I am having issues to arrive at this exact formulation because of how derivation of row/column vectors work. My solution goes as follows: We first determine the first derivative.
\begin{align*} &\frac{\partial \mathbb{E}\left[ \frac12 \left( 1 - yt \right)^2 \right]}{\partial \mathbf{w}}\\ &= \mathbb{E}\left[ \frac{\partial \frac12 \left( 1 - yt \right)^2 }{\partial \mathbf{w}} \right]\\ &= \mathbb{E}\left[ \frac{\partial \frac12 \left( 1 - yt \right)^2 }{\partial y} \frac{\partial y}{\partial \mathbf{w}} \right]\\ &= \mathbb{E}\left[ -t\cdot(1-yt) \frac{\partial \mathbf{w}^T\mathbf{x}+b}{\partial \mathbf{w}} \right]\\ &= \mathbb{E}\left[ -t\cdot(1-yt) \mathbf{x} \right]\\ \end{align*}
Note that I think $\mathbf{x}\in\mathbb{R}^d$ is considered a column vector, and according to the matrix cookbook, $ \frac{\partial \mathbf{w}^T\mathbf{x}+b}{\partial \mathbf{w}} = \mathbf{x}$, not $\mathbf{x}^T$ (I have found sources saying otherwise...)
We now differentiate this again, in order to derive the Hessian. \begin{align*} &\frac{\partial \mathbb{E}\left[ -t\cdot(1-yt) \mathbf{x} \right]}{\partial \mathbf{w}}\\ &= \mathbb{E}\left[ \frac{\partial -t(1-yt)\mathbf{x}}{\partial y} \frac{\partial \mathbf{w}^T\mathbf{x}+b}{\partial \mathbf{w}} \right]\\ &= \mathbb{E}\left[ \frac{\partial -t(1-yt)\mathbf{x}}{\partial y} \mathbf{x} \right]\\ &= \mathbb{E}\left[ \frac{\partial (-t+yt^2)\mathbf{x}}{\partial y} \mathbf{x} \right]\\ &= \mathbb{E}\left[ \underbrace{t^2}_{= 1} \mathbf{x} \mathbf{x} \right]\\ &= \mathbb{E}\left[ \mathbf{x} \mathbf{x} \right]\\ &\neq \mathbb{E}\left[ \mathbf{x}\mathbf{x}^T \right] \end{align*}
So here, we have column vector times column vector which is not really defined. I do not know where to get the transpose from, though. I tried deriving the whole thing again with the assumption that $\frac{\partial \mathbf{w}^T\mathbf{x}+b}{\partial \mathbf{w}} = \mathbf{x}^T$, instead of $\mathbf{x}$. Then we either get $\mathbb{E}\left[ \mathbf{x}^T\mathbf{x}^T \right]$ similar to before, or, if we assume that the derivative of a row vector w.r.t. scalar is a column vector, we get $\mathbb{E}\left[ \mathbf{x}\mathbf{x}^T \right]$, which is what we want. However,this would be a very weird assumption, to me, because why would the derivative of a row vector w.r.t. to a scalar be a column vector? And furthermore, it contradicts the matrix cookbook, which says that $\frac{\partial \mathbf{w}^T\mathbf{x}+b}{\partial \mathbf{w}} = \mathbf{x}$.

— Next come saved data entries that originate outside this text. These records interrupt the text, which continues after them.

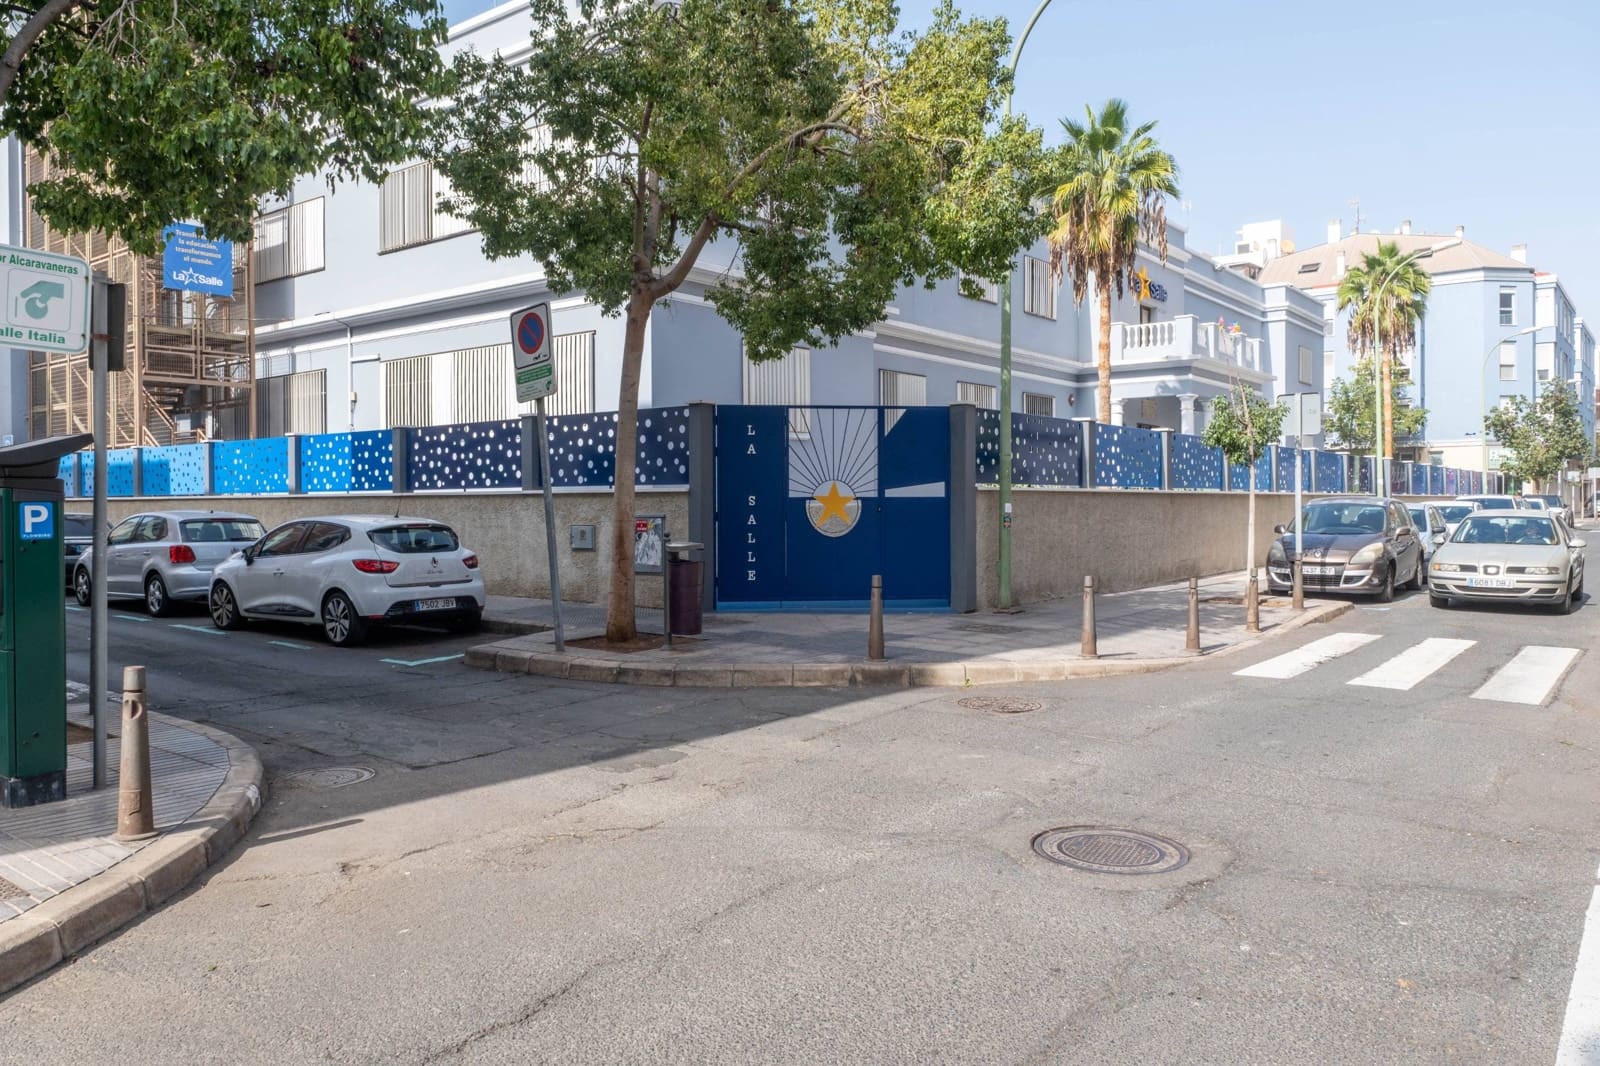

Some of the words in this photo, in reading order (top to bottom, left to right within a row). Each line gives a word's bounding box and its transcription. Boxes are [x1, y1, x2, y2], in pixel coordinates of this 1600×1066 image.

[9, 254, 79, 275] Alcaravaneras
[172, 271, 186, 281] La
[198, 274, 224, 287] Salle
[0, 327, 23, 339] alle
[28, 329, 66, 344] Italia
[747, 424, 757, 454] LA
[24, 505, 49, 533] P
[747, 495, 757, 581] SALLE
[420, 600, 440, 609] 7502

I would be very glad for help here. Where did I go wrong? Which assumptions of row/column vectors are correct? Thank you so much for your help!
Last, I found an alternative way of solving it where you don't have that issue of transposing or not, by just inserting the definition of the prediction $y$, but I still would like to know where the issue in my solution above lies.

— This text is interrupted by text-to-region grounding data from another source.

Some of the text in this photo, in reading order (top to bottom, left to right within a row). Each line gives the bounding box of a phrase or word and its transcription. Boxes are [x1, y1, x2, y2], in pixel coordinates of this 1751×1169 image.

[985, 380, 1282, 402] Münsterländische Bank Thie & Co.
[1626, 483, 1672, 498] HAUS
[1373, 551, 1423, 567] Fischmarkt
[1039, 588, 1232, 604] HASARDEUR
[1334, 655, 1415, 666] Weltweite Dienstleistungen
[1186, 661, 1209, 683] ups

\begin{align*} &\frac{\partial \mathbb{E}\left[ -t\cdot(1-yt) \mathbf{x} \right]}{\partial \mathbf{w}}\\ &= \frac{\partial \mathbb{E}\left[ -t\mathbf{x} + t^2y\mathbf{x} \right]}{\partial \mathbf{w}}\\ &= \frac{\partial \mathbb{E}\left[ -t\mathbf{x} + t^2(w^T\mathbf{x} + b)\mathbf{x} \right]}{\partial \mathbf{w}}\\ &= \frac{\partial \mathbb{E}\left[ -t\mathbf{x} + t^2(w^T\mathbf{x})\mathbf{x} + b\mathbf{x} \right]}{\partial \mathbf{w}}\\ &= \frac{\partial \mathbb{E}\left[ -t\mathbf{x} + t^2\mathbf{x}^Tw\mathbf{x} + b\mathbf{x} \right]}{\partial \mathbf{w}}\\ &= \mathbb{E}\left[ \underbrace{t^2}_{= 1} \mathbf{x}\mathbf{x}^T \right]\\ &= \mathbb{E}\left[ \mathbf{x}\mathbf{x}^T \right]\\ \end{align*}
Forgetting the expectation operator (for a while), the differential of the cost function writes $$ d\phi = t(t\cdot y-1)dy = (y-t) \mathbf{x}^Td\mathbf{w} $$ since $dy=\mathbf{x}^Td\mathbf{w}$.
The gradient is $\mathbf{g} = (y-t) \mathbf{x} $
It follows that $d\mathbf{g} = dy\cdot \mathbf{x} = (\mathbf{x} \mathbf{x}^T) d\mathbf{w} $ which gives the Hessian $\mathbf{H}=\mathbf{x} \mathbf{x}^T$.